November 6th, 2009 at 5:00 am
Hi, Alexander. As a one-time rock musician and on-going space junkie I loved parts of this – I wanted to love all of it. I was hooked in by the idea and the atmosphere, but IMO an excess of enthusiasm over craftsmanship in this version lets it down. For example, does that third paragraph add anything? Who cares about the captain’s chair, and the safety belts etc?
I feel certain that a good clear-headed edit will bring it from its present potential into a truly stunning piece.
Best
November 6th, 2009 at 6:01 am
Thanks, Oscar. I felt the descriptions of the ship added to the atmosphere that our narrator finds himself in. I would say the lifestyle surrounding rock is just as important a part of the culture as the music itself.
November 6th, 2009 at 7:16 am
Rock and Roll will never die.
Funny story, Alex.
November 6th, 2009 at 7:57 am
Like Oscar, I enjoyed parts of this. Specifically the end when the ship blew from all the sound. Good idea.
November 6th, 2009 at 8:18 am
I really liked this one, the ending made me smile.
5 stars.
November 6th, 2009 at 8:23 am
I like the melding of rock music and speculative fiction presented here. It’s lighthearted and fun. The only thing I had trouble with was with the lack of spacing between some paragraphs.
Stealing a little bit from Seinfeld, I believe, you have to figure that since we went to the moon and played golf and drove a car around, exporting rock music to other worlds makes sense.
November 6th, 2009 at 8:26 am
ROCK ON!
November 6th, 2009 at 8:34 am
Great story, Alex. I really enjoyed it!
This line made me laugh the most: “The captain’s chair was special because it was a bucket seat.” I had a total Captain Kirk moment.
November 6th, 2009 at 8:51 am
Love it!! And I have no problem–being an avid “vivid-details” person–with the third paragraph. It builds the scenes and sets us up for the end paragraph about being in a beater in a “doomed sector of space.”
November 6th, 2009 at 8:59 am
[...] was pleased to discover that Alex has today’s EDF story of the day. It’s called “With the Band,” it’s a fun piece of rock-n-roll science fiction. Go read [...]
November 6th, 2009 at 9:14 am
Fun, fun fun! Thanks for a great start to the morning, Alex!
November 6th, 2009 at 10:26 am
[...] 6, 2009 · Leave a Comment Talented friend Alex has a story up at Every Day Fiction called “With the Band”. Check it [...]

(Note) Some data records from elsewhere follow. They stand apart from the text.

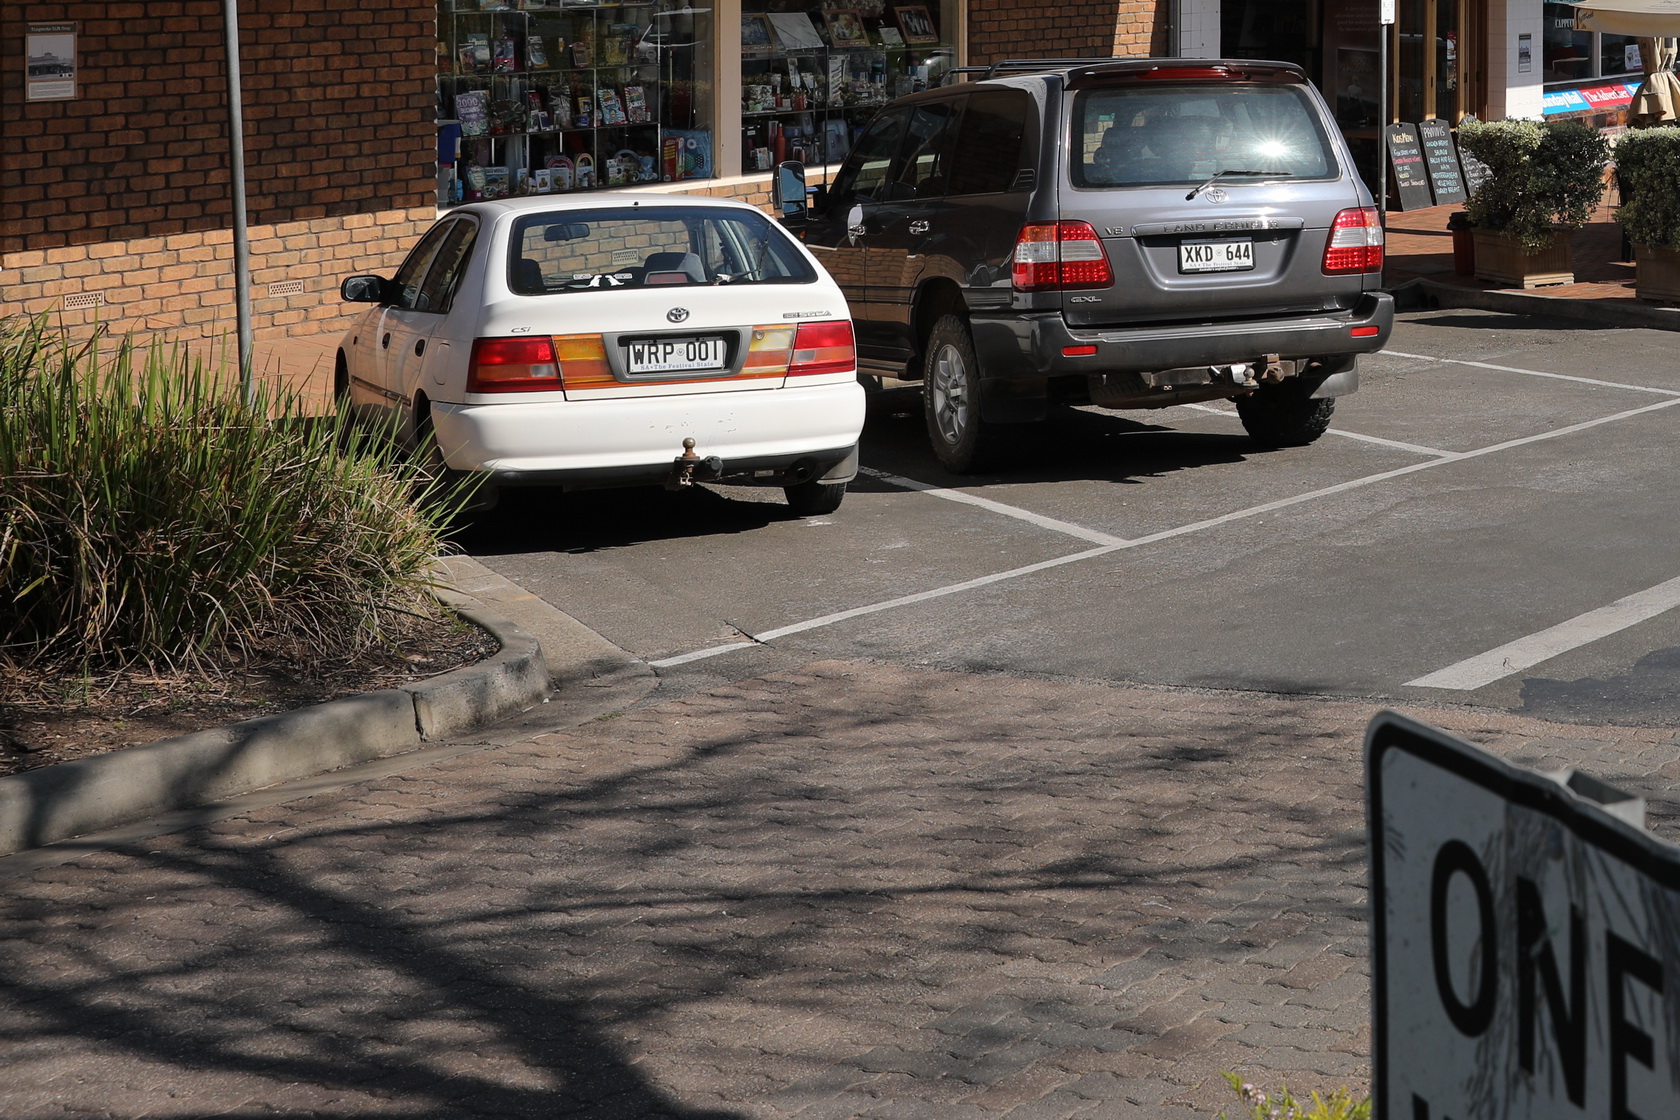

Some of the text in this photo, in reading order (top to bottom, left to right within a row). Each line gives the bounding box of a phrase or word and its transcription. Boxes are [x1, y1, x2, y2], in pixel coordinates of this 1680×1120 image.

[1105, 226, 1124, 235] V8
[1164, 223, 1205, 233] LAND
[1184, 244, 1250, 263] XKD 644
[632, 340, 718, 366] WRP 001
[1431, 839, 1664, 1120] ONE
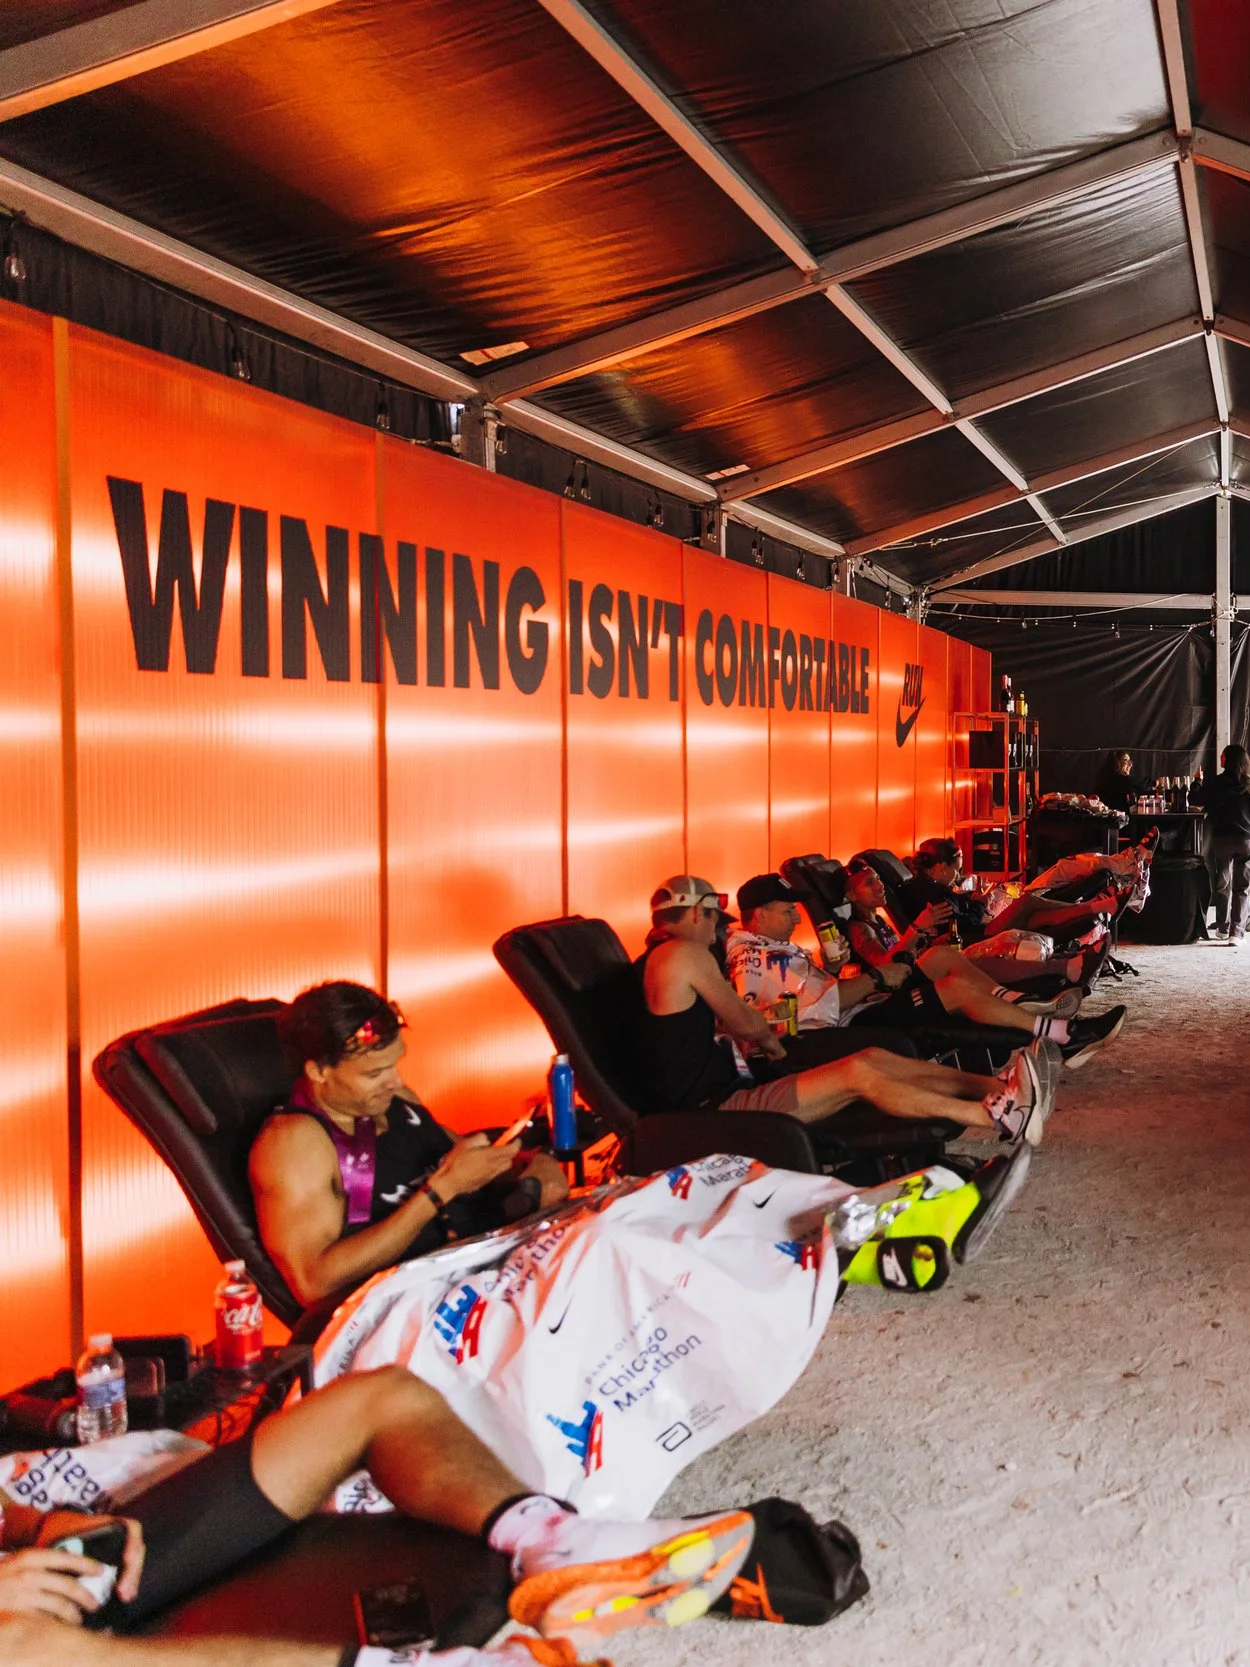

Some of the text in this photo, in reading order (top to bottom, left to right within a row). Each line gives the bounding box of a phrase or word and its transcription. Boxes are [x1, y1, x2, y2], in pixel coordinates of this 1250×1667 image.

[106, 475, 869, 714] WINNING ISN'T COMFORTABLE
[902, 663, 923, 708] RUN
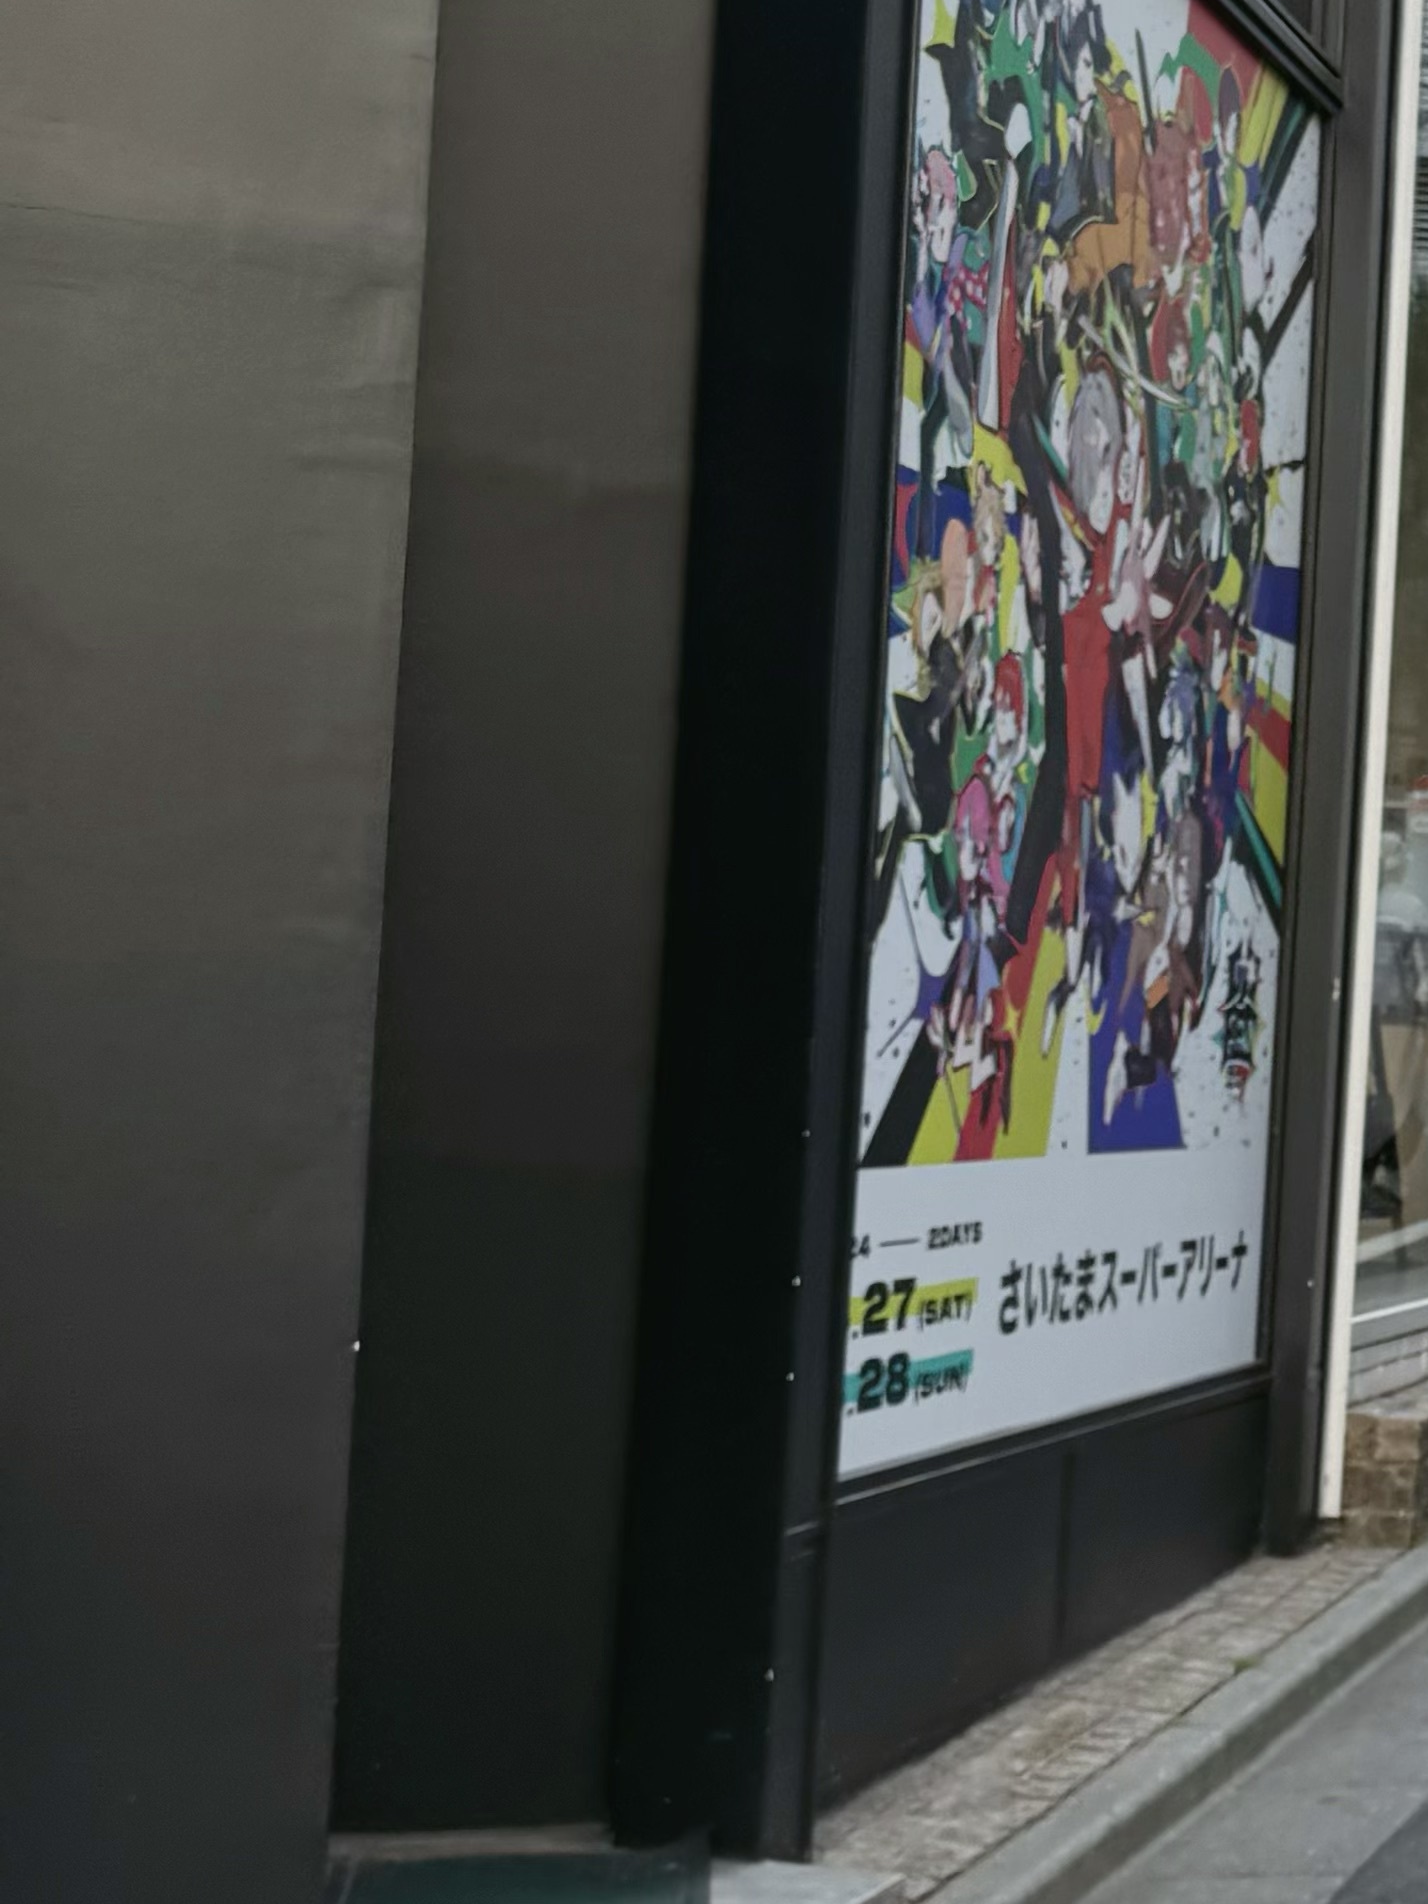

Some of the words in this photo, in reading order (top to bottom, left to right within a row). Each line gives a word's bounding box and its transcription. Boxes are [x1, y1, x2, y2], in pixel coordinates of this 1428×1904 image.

[999, 1228, 1248, 1336] さいたまスーパーアリーナ

November 6th, 2009 at 11:18 am
This was pivotal, it brought back that tremendous rush you get at a concert: “The crowd stared in stunned silence at the burning nebula for a few seconds. Then they went insane with delight.”
It seems to me your characters are always solid and independent. To me it comes off as sterile and minimalist on the amount of characters your willing to introduce to the reader, so I was trilled to read: “A thousand screaming fans crammed into a space built to hold perhaps three hundred, they jostled shoulder to shoulder, heads tilted back, eyes cast upward in wonder.”
November 6th, 2009 at 11:53 am
Made about as much sense to me as anything else connected with rock music – that is to say, NONE! The attempts to make it read like science fiction seemed to be just thrown in sort of at random. Sorry, this just seemed to be a confused and confusing mess with no particular point.
November 6th, 2009 at 12:13 pm
Enjoyed the story and liked the idea but it did feel overly done, too much enthusiasm is probably right.
November 6th, 2009 at 12:44 pm
All right, everyone off Jim’s lawn.
November 6th, 2009 at 3:12 pm
You did a great job with the band characters–I felt like they really came alive for me in all their freaky alien glory! Lots of great imagery all around.
Really enjoyed this one!
November 6th, 2009 at 3:21 pm
Also, Mr. Jim Hartley, how can you fairly rate a story if you’re already going to start off being biased? Your comment seems to be directed toward the part of society that likes a certain type of music, not the piece of fiction itself. Do you also go to the websites of bands and tell them they don’t make sense simply because that’s not your preferred type? I’ve got a sneaking suspicion that I feel the same about the type of music you listen to as you do toward rock music. Just note how I don’t bother to insult it.
November 6th, 2009 at 5:29 pm
Nice, grounded angle on SciFi for those of us who aren’t deep into the genre!
November 6th, 2009 at 7:22 pm
I enjoyed this one, Alex. Rock on!
November 6th, 2009 at 9:46 pm
I love the lo-fi, grungy Firefly take on space travel here, and anti-proton brakes sound great, and probably worth having! Just when I think I’ve finally grown old enough to call myself ‘mature’, something like this comes along to dispel the illusion.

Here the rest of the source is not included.